▸ **What you should do**:
Every line of the data below should be retyped exactly, with no images carried over.

Top of Data for review

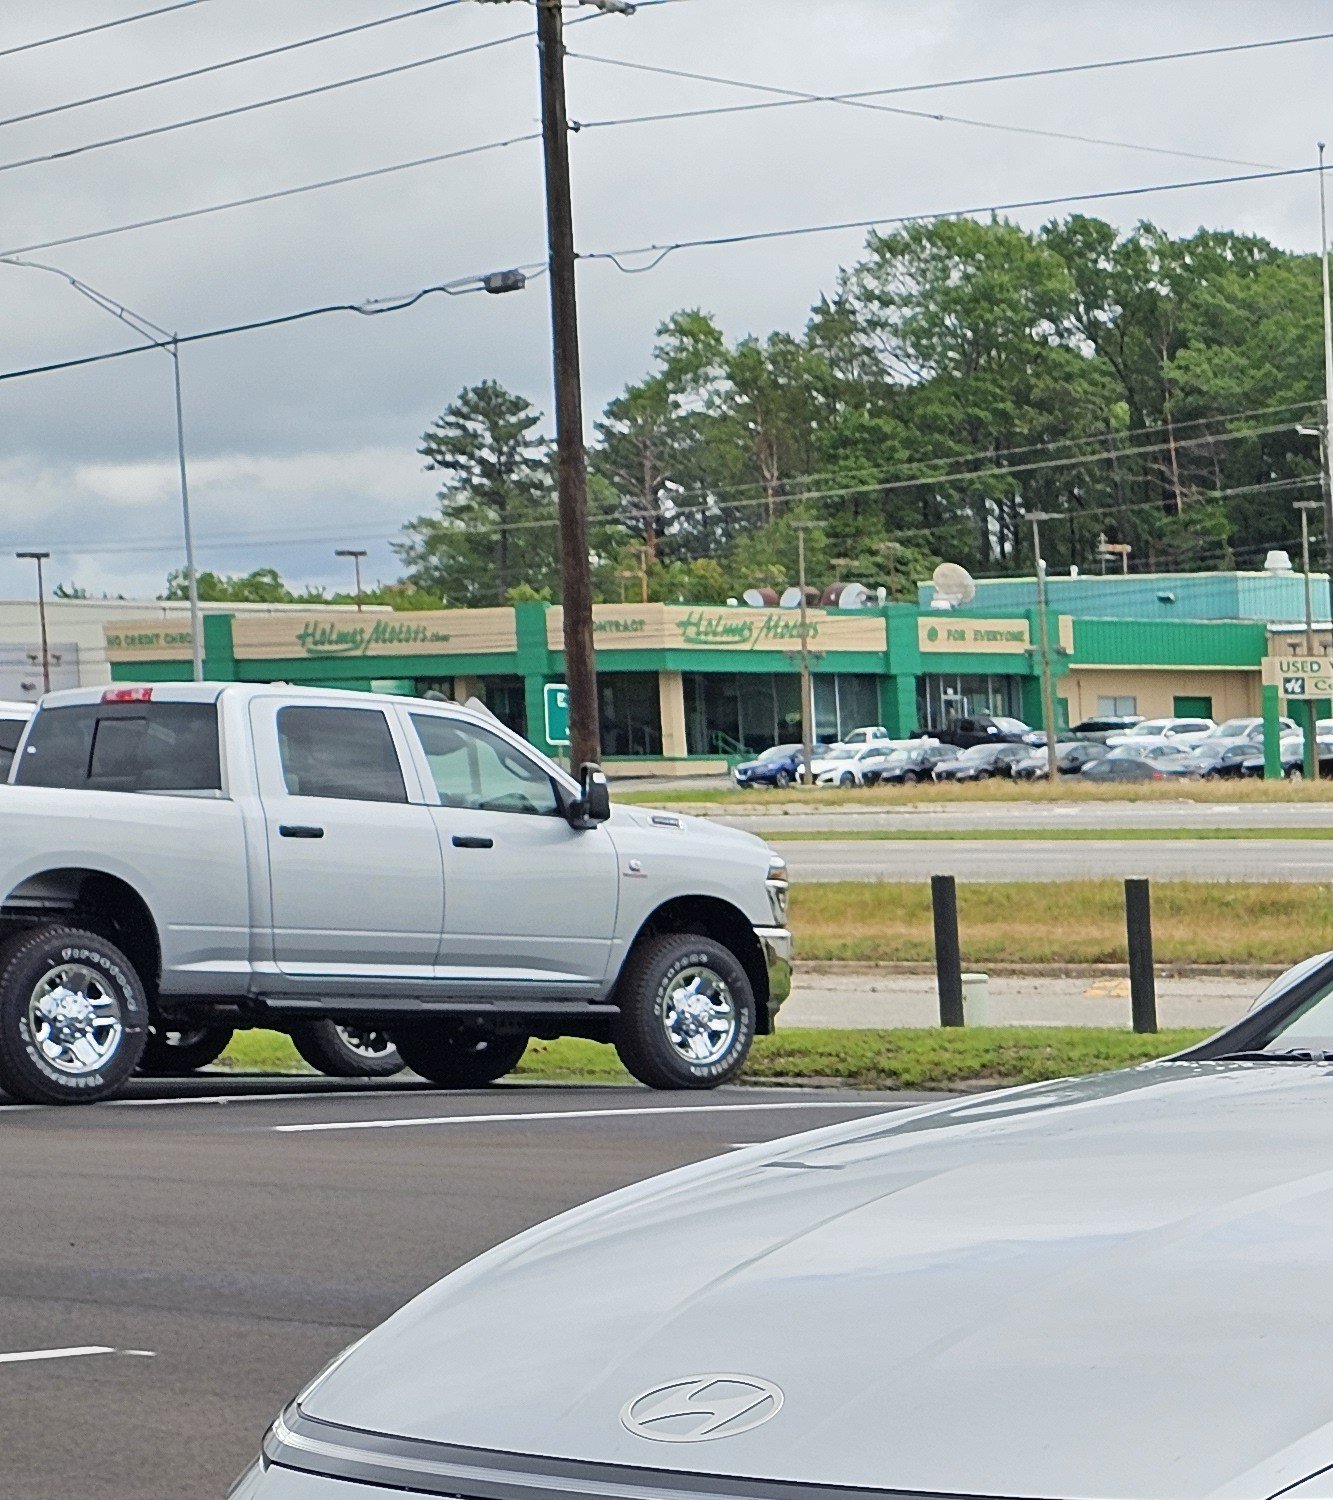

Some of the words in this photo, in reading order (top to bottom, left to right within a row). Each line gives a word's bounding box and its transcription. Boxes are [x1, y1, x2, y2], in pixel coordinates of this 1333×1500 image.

[676, 610, 755, 645] Holmes
[163, 632, 193, 645] CHEC
[295, 619, 366, 655] Holmes
[947, 629, 967, 642] FOR
[973, 629, 1025, 642] EVERYONE
[1280, 660, 1321, 674] USED
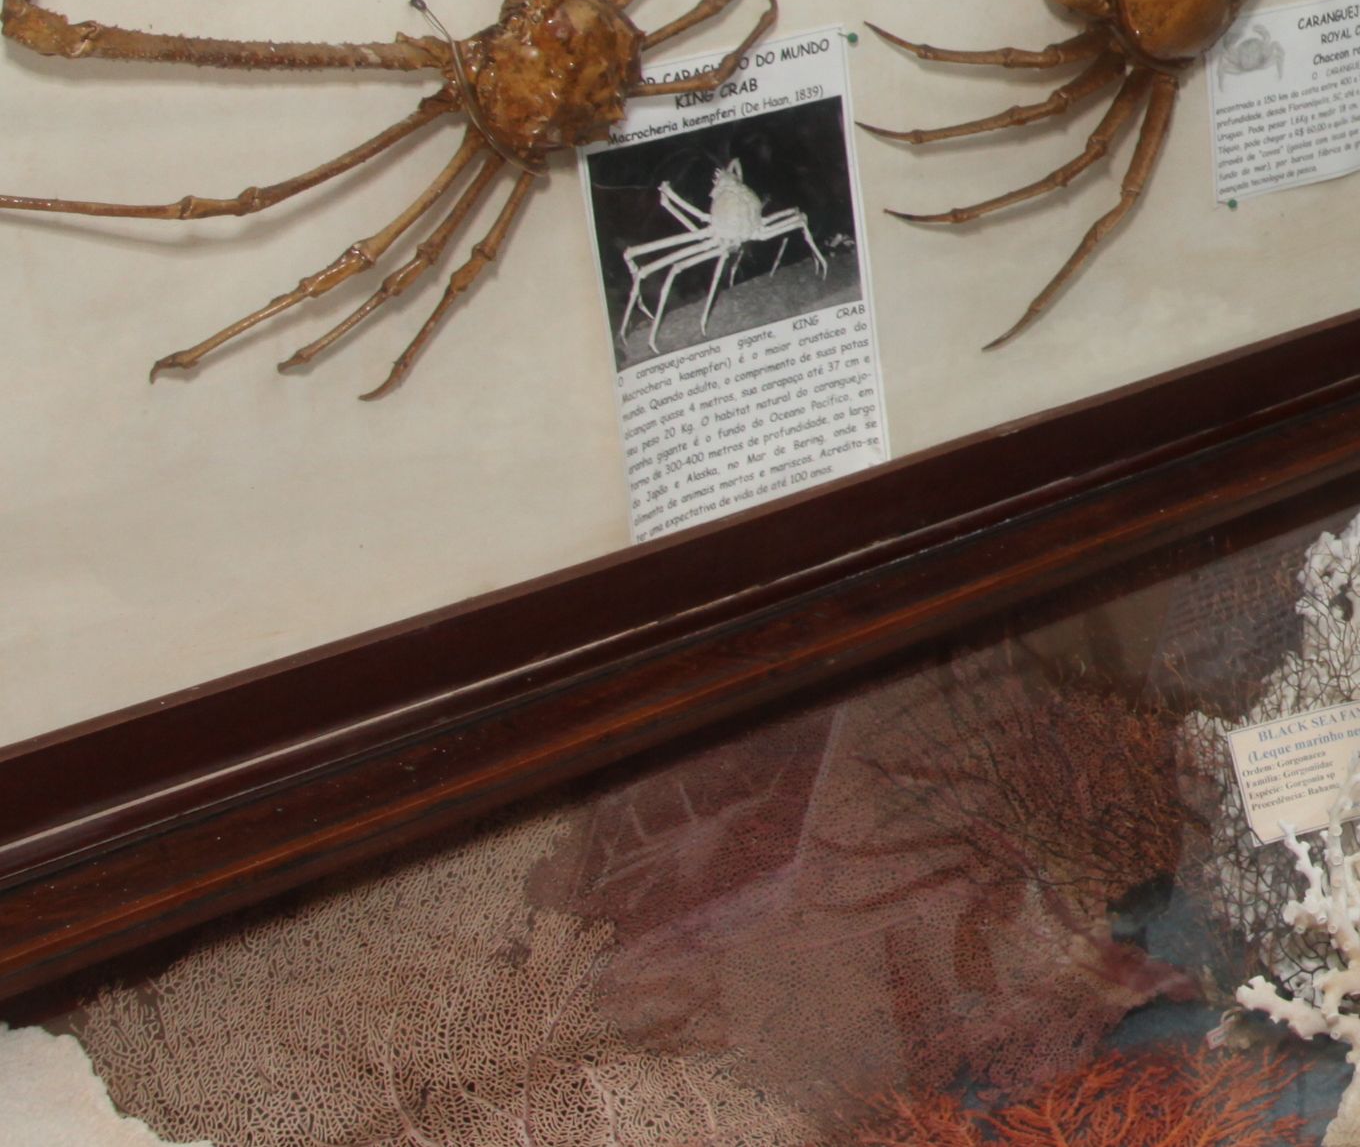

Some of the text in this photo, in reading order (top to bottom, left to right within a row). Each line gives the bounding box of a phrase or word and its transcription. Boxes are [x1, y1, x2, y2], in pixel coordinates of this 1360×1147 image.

[1320, 27, 1351, 44] ROYAL
[755, 50, 775, 67] DO
[780, 38, 829, 61] MUNDO
[1312, 49, 1349, 65] Chaceon
[720, 78, 757, 98] CRAB
[608, 121, 678, 146] Macrocheria
[682, 109, 736, 128] kaempferi
[741, 102, 759, 117] (De
[795, 85, 823, 102] 1839)
[635, 344, 720, 379] caranguejo-aranha
[792, 314, 819, 331] KING
[836, 303, 865, 319] CRAB
[622, 377, 672, 403] Macrocheria
[678, 356, 731, 381] kaempferi)
[738, 354, 744, 363] é
[764, 341, 791, 356] maior
[798, 327, 846, 346] crustáceo
[853, 320, 867, 332] do
[1258, 720, 1308, 743] BLACK
[1311, 715, 1337, 729] SEA
[1248, 745, 1291, 764] (Leque
[1295, 731, 1344, 751] marinho
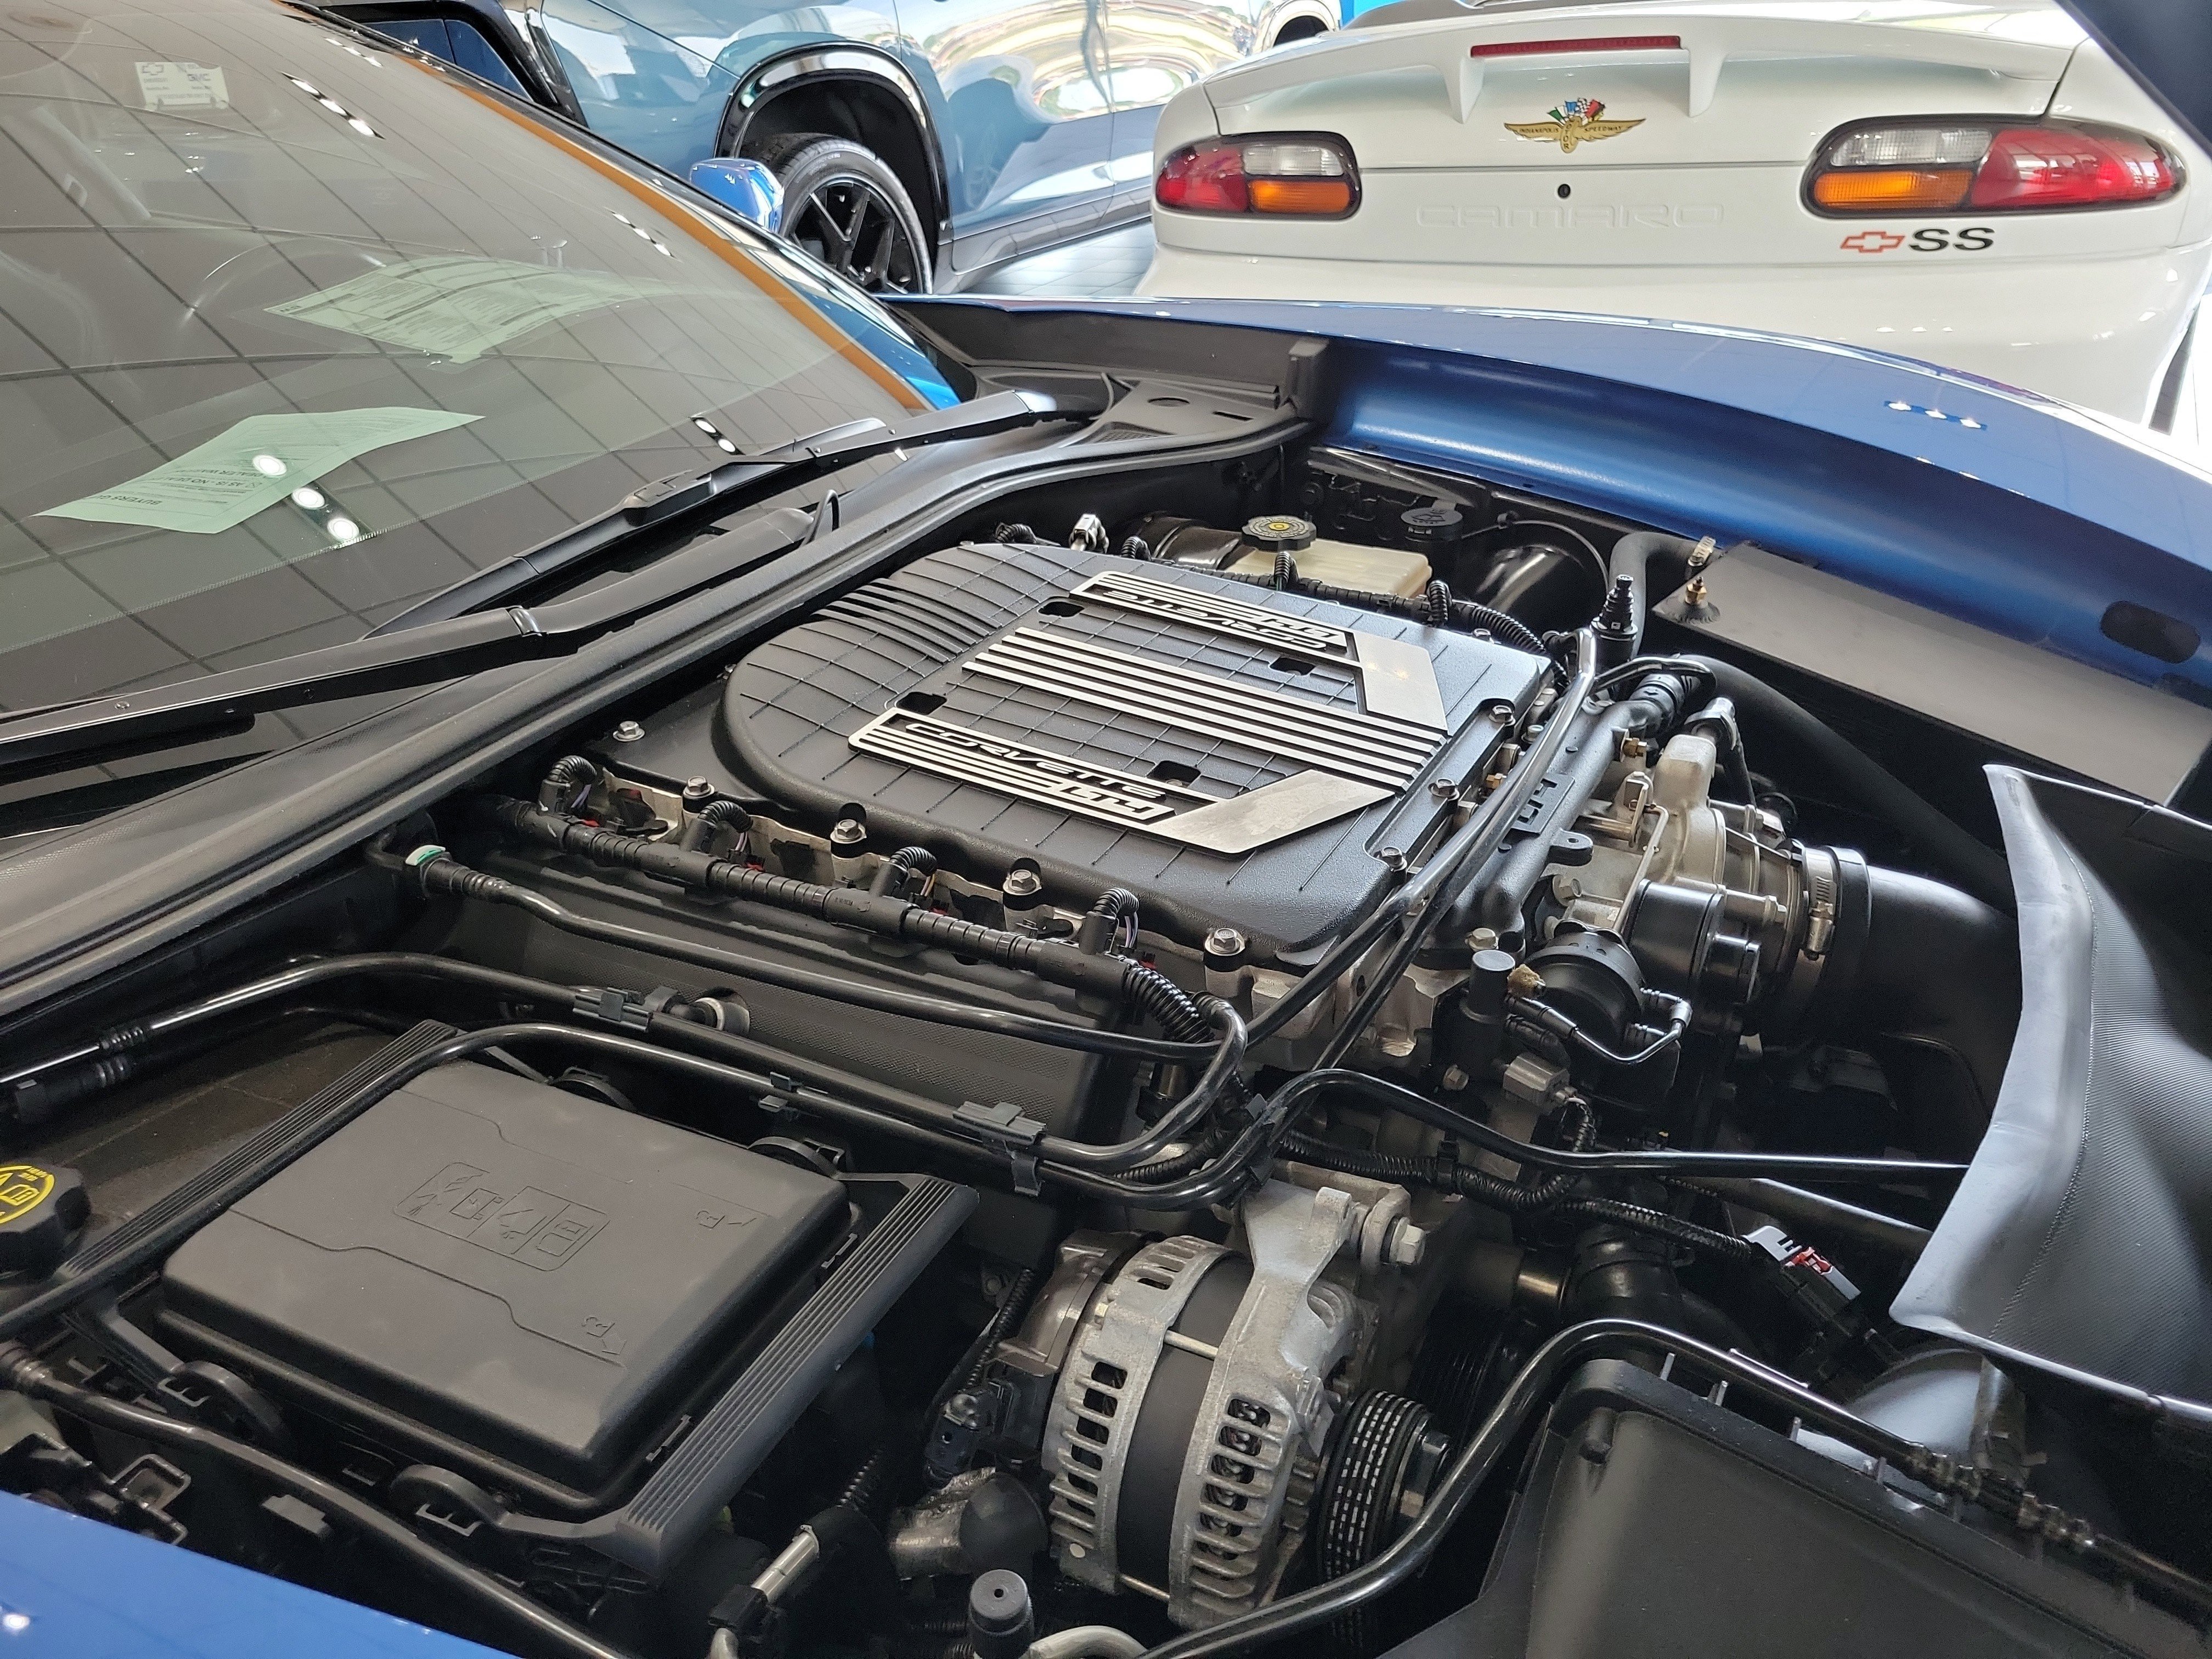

Bottom of Data for review

▸ **Expected answer**:
Some of the words in this photo, in reading order (top to bottom, left to right within a row). Each line gives a word's bounding box and its transcription. Boxes are [x1, y1, x2, y2], in pixel coordinates of this 1333×1500 image.

[676, 610, 755, 645] Holmes
[163, 632, 193, 645] CHEC
[295, 619, 366, 655] Holmes
[947, 629, 967, 642] FOR
[973, 629, 1025, 642] EVERYONE
[1280, 660, 1321, 674] USED

Some of the text in this photo, in reading order (top to bottom, left to right within a row). Each line gives the bounding box of a phrase or word and its transcription. Boxes are [x1, y1, x2, y2], in pixel coordinates of this 1360×1147 image.

[1320, 27, 1351, 44] ROYAL
[755, 50, 775, 67] DO
[780, 38, 829, 61] MUNDO
[1312, 49, 1349, 65] Chaceon
[720, 78, 757, 98] CRAB
[608, 121, 678, 146] Macrocheria
[682, 109, 736, 128] kaempferi
[741, 102, 759, 117] (De
[795, 85, 823, 102] 1839)
[635, 344, 720, 379] caranguejo-aranha
[792, 314, 819, 331] KING
[836, 303, 865, 319] CRAB
[622, 377, 672, 403] Macrocheria
[678, 356, 731, 381] kaempferi)
[738, 354, 744, 363] é
[764, 341, 791, 356] maior
[798, 327, 846, 346] crustáceo
[853, 320, 867, 332] do
[1258, 720, 1308, 743] BLACK
[1311, 715, 1337, 729] SEA
[1248, 745, 1291, 764] (Leque
[1295, 731, 1344, 751] marinho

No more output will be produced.